What to produce - Without the pictures, restate all of the data below word for word.

Dataset content -
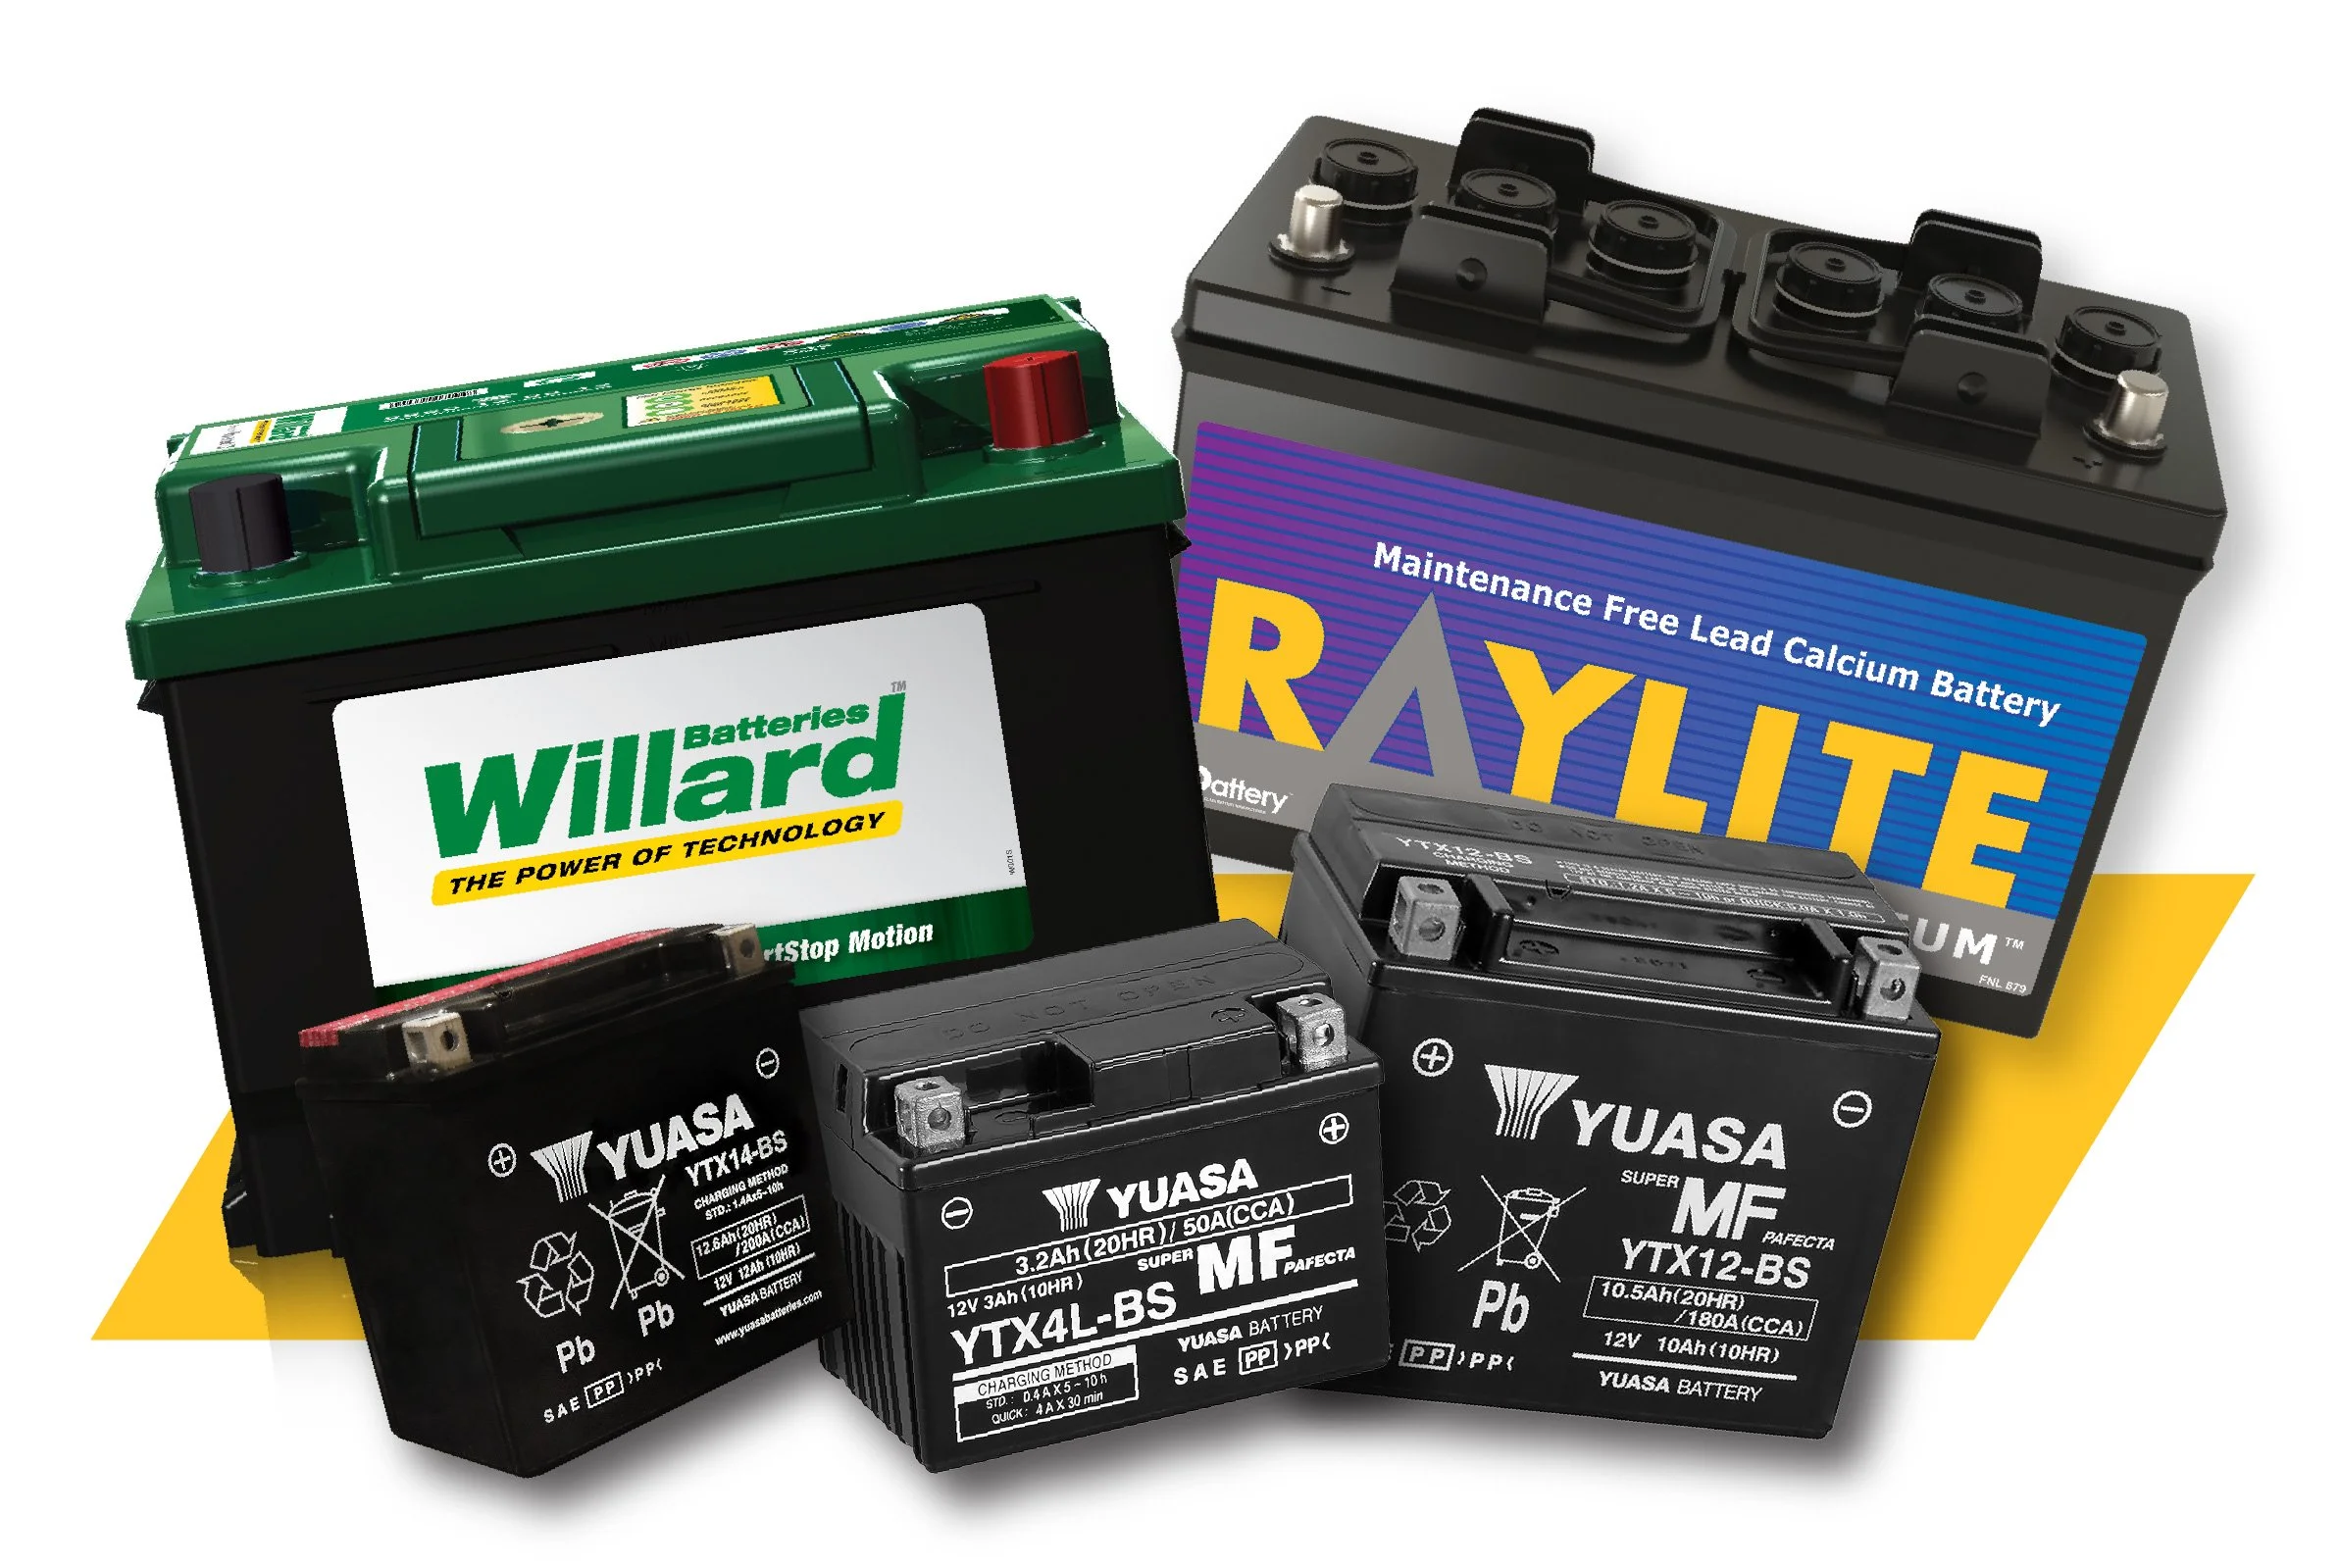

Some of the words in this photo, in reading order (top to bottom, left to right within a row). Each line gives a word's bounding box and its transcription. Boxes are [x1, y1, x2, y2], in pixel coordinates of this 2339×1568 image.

[1374, 542, 1592, 616] Maintenance
[1604, 594, 1679, 635] Free
[1690, 615, 1773, 657] Lead
[1784, 636, 1919, 690] Calcium
[1931, 670, 2060, 726] Battery
[684, 704, 869, 749] Batteries
[1197, 578, 2050, 908] RAYLITE
[425, 692, 905, 857] Willard
[450, 870, 505, 895] THE
[516, 853, 622, 885] POWER
[633, 845, 672, 866] OF
[684, 812, 886, 858] TECHNOLOGY
[1397, 837, 1532, 864] YTX12-BS
[764, 938, 839, 962] rtStop
[848, 924, 933, 953] Motion
[1896, 918, 1998, 965] UM
[1979, 975, 2002, 987] FNL
[596, 1093, 754, 1179] YUASA
[1572, 1099, 1786, 1169] YUASA
[685, 1130, 788, 1187] YTX14-BS
[694, 1182, 746, 1209] CHARGING
[747, 1164, 788, 1188] METHOD
[1106, 1159, 1258, 1218] YUASA
[1621, 1170, 1680, 1188] SUPER
[1671, 1176, 1787, 1239] MF
[1762, 1231, 1835, 1250] PAFECTA
[696, 1214, 777, 1256] 12.6Ah(20HR)
[714, 1272, 732, 1290] 12V
[1138, 1248, 1194, 1271] SUPER
[1197, 1225, 1295, 1294] MF
[1284, 1247, 1355, 1275] PAFECTA
[1622, 1239, 1810, 1289] YTX12-BS
[720, 1292, 759, 1316] YUASA
[759, 1271, 801, 1299] BATTERY
[947, 1297, 978, 1317] 12V
[1473, 1280, 1529, 1333] Pb
[1602, 1282, 1745, 1311] 10.5Ah(20HR)
[638, 1299, 675, 1337] Pb
[715, 1290, 822, 1345] www.yuasabatteries.com
[950, 1282, 1176, 1365] YTX4L-BS
[1177, 1326, 1243, 1351] YUASA
[1249, 1305, 1322, 1337] BATTERY
[1605, 1332, 1642, 1348] 12V
[1674, 1310, 1805, 1340] /180A(CCA)
[556, 1336, 595, 1373] Pb
[978, 1369, 1049, 1395] CHARGING
[1054, 1354, 1111, 1378] METHOD
[1068, 1395, 1080, 1408] 30
[1085, 1391, 1102, 1404] min
[1600, 1371, 1669, 1392] YUASA
[1677, 1380, 1762, 1402] BATTERY

Task output -
Some of the words in this photo, in reading order (top to bottom, left to right within a row). Each line gives a word's bounding box and its transcription. Boxes are [x1, y1, x2, y2], in pixel coordinates of this 2339×1568 image.

[1374, 542, 1592, 616] Maintenance
[1604, 594, 1679, 635] Free
[1690, 615, 1773, 657] Lead
[1784, 636, 1919, 690] Calcium
[1931, 670, 2060, 726] Battery
[684, 704, 869, 749] Batteries
[1197, 578, 2050, 908] RAYLITE
[425, 692, 905, 857] Willard
[450, 870, 505, 895] THE
[516, 853, 622, 885] POWER
[633, 845, 672, 866] OF
[684, 812, 886, 858] TECHNOLOGY
[1397, 837, 1532, 864] YTX12-BS
[764, 938, 839, 962] rtStop
[848, 924, 933, 953] Motion
[1896, 918, 1998, 965] UM
[1979, 975, 2002, 987] FNL
[596, 1093, 754, 1179] YUASA
[1572, 1099, 1786, 1169] YUASA
[685, 1130, 788, 1187] YTX14-BS
[694, 1182, 746, 1209] CHARGING
[747, 1164, 788, 1188] METHOD
[1106, 1159, 1258, 1218] YUASA
[1621, 1170, 1680, 1188] SUPER
[1671, 1176, 1787, 1239] MF
[1762, 1231, 1835, 1250] PAFECTA
[696, 1214, 777, 1256] 12.6Ah(20HR)
[714, 1272, 732, 1290] 12V
[1138, 1248, 1194, 1271] SUPER
[1197, 1225, 1295, 1294] MF
[1284, 1247, 1355, 1275] PAFECTA
[1622, 1239, 1810, 1289] YTX12-BS
[720, 1292, 759, 1316] YUASA
[759, 1271, 801, 1299] BATTERY
[947, 1297, 978, 1317] 12V
[1473, 1280, 1529, 1333] Pb
[1602, 1282, 1745, 1311] 10.5Ah(20HR)
[638, 1299, 675, 1337] Pb
[715, 1290, 822, 1345] www.yuasabatteries.com
[950, 1282, 1176, 1365] YTX4L-BS
[1177, 1326, 1243, 1351] YUASA
[1249, 1305, 1322, 1337] BATTERY
[1605, 1332, 1642, 1348] 12V
[1674, 1310, 1805, 1340] /180A(CCA)
[556, 1336, 595, 1373] Pb
[978, 1369, 1049, 1395] CHARGING
[1054, 1354, 1111, 1378] METHOD
[1068, 1395, 1080, 1408] 30
[1085, 1391, 1102, 1404] min
[1600, 1371, 1669, 1392] YUASA
[1677, 1380, 1762, 1402] BATTERY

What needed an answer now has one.